La norma transpone al ordenamiento nacional la Directiva 2022/2555 del Parlamento Europeo y del Consejo (NIS-2).
El Consejo de Ministros ha aprobado el anteproyecto de Ley de Coordinación y Gobernanza de la Ciberseguridad a propuesta conjunta de los ministerios del Interior, de Defensa y para la Transformación Digital y de la Función Pública. La norma transpone al ordenamiento nacional la Directiva 2022/2555 del Parlamento Europeo y del Consejo (NIS-2).
El anteproyecto precisa las entidades públicas o privadas afectadas por las normas de ciberseguridad que establece. Además, crea el Centro Nacional de Ciberseguridad, que se encargará de la dirección, impulso y coordinación en la materia, garantizará la cooperación intersectorial y transfronteriza con otras autoridades competentes y será autoridad de gestión de crisis en caso de incidentes de entidad.
Además, estas entidades deberán estar encuadradas en sectores considerados de alta criticidad para el normal funcionamiento de la vida social y económica del país, como la energía, el transporte, banca y mercados financieros, sector sanitario, agua, infraestructuras digitales y servicios tecnológicos, entidades de la administración pública e industria nuclear.
El anteproyecto recoge otros sectores de menor criticidad en el anteproyecto tales como los servicios postales y de mensajería; la gestión de residuos; la fabricación, producción y distribución de sustancias y mezclas químicas; la producción, transformación y distribución de alimentos; los proveedores de servicios digitales; la investigación científica, y la seguridad privada.

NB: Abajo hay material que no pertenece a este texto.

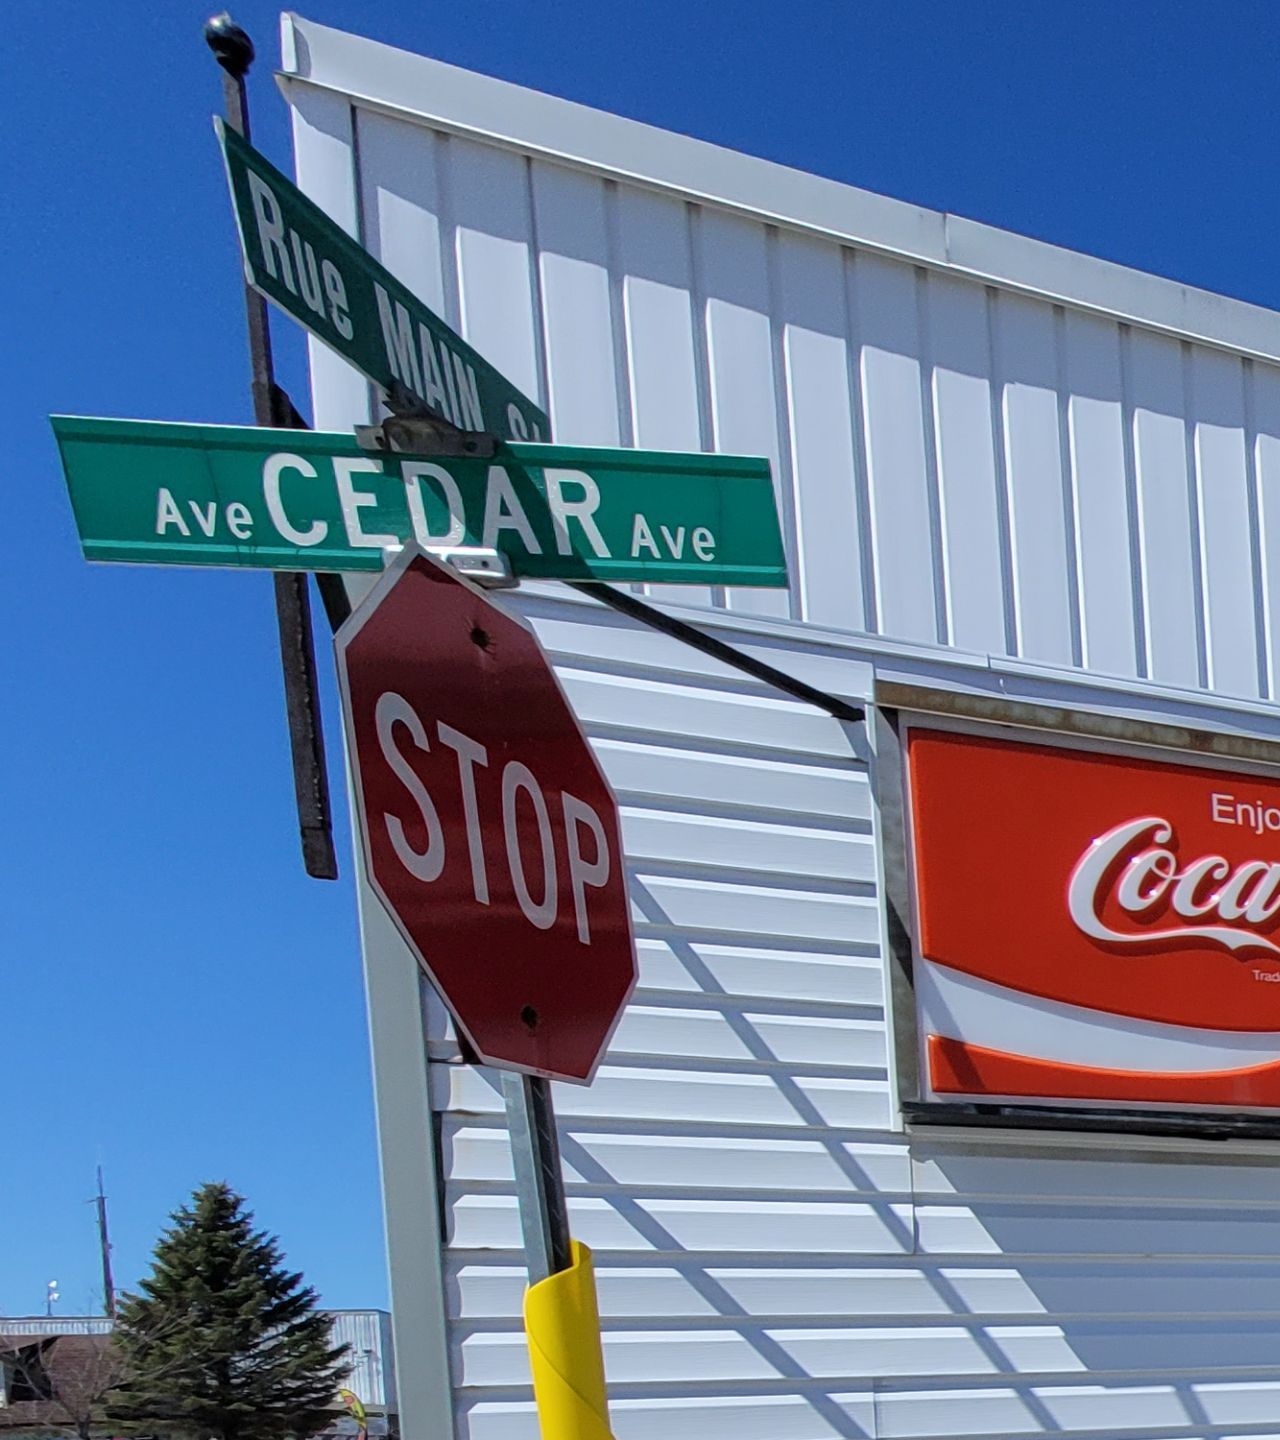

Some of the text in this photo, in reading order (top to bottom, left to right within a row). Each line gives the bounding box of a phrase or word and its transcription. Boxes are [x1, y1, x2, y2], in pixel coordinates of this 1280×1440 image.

[248, 168, 541, 442] Rue MAIN S
[156, 452, 717, 562] Ave CEDAR Ave
[374, 691, 610, 946] STOP

Estas entidades deberán realizar una evaluación individualizada de su riesgo y poner en marcha una serie de actuaciones para garantizar y elevar los niveles de seguridad de sus redes y sistemas de información y prevenir el riesgo de incidentes. Asimismo, están obligadas a notificar los incidentes significativos que se produzcan en su operativa o en la prestación de sus servicios, tanto si son redes y servicios propios como si pertenecen a proveedores externos, así como a comunicar a la mayor brevedad a los destinatarios de sus servicios, ya sean personas físicas o jurídicas, cualquier ciberamenaza significativa que les pueda afectar, así como las medidas o soluciones que pueden aplicar como respuesta.
Hay que indicar que el objetivo último del anteproyecto es reforzar la protección de las redes y sistemas de información que son ya cruciales para el desarrollo de la inmensa mayoría de las actividades sociales y económicas actuales, y que están sometidas a graves ciberamenazas, nuevos desafíos y riesgos que requieren respuestas adaptadas, coordinadas e innovadoras.
Sin olvidar que también diseña la figura del responsable de la seguridad de la información como persona u órgano designado por las entidades encargado de las funciones de punto de contacto y de coordinación técnica. En las entidades esenciales (las más relevantes en función de su tamaño), el responsable de la seguridad de la información deberá obtener la condición de personal acreditado.
En concreto, el responsable de la seguridad de la información se encargará de elaborar y someter a la aprobación de la organización la estrategia y políticas de ciberseguridad; supervisar y desarrollar la aplicación de dichas políticas y su efectividad; supervisar el cumplimiento de la normativa aplicable en materia de seguridad de las redes y sistemas de información, y gestionar los incidentes de ciberseguridad.
Una vez aprobada, la futura ley incorporará al ordenamiento jurídico español la Directiva (UE) 2022/2555 del Parlamento Europeo y del Consejo, de 14 de diciembre de 2022, conocida como NIS-2, que incluye una serie de medidas destinadas a garantizar un elevado nivel común de ciberseguridad en toda la Unión Europea.
No en vano, el Consejo de Ministros también ha aprobado dar trámite administrativo de urgencia al anteproyecto para que pueda ser aprobado por el Gobierno, en segunda vuelta, cuanto antes y dar de inmediato paso a su debate parlamentario.
En consecuencia, la intención del ministerio de Interior es comunicar de inmediato la aprobación de este anteproyecto a la Comisión Europea, dado que el plazo para la trasposición de la Directiva NIS-2 al derecho interno español venció el 17 de octubre de 2024.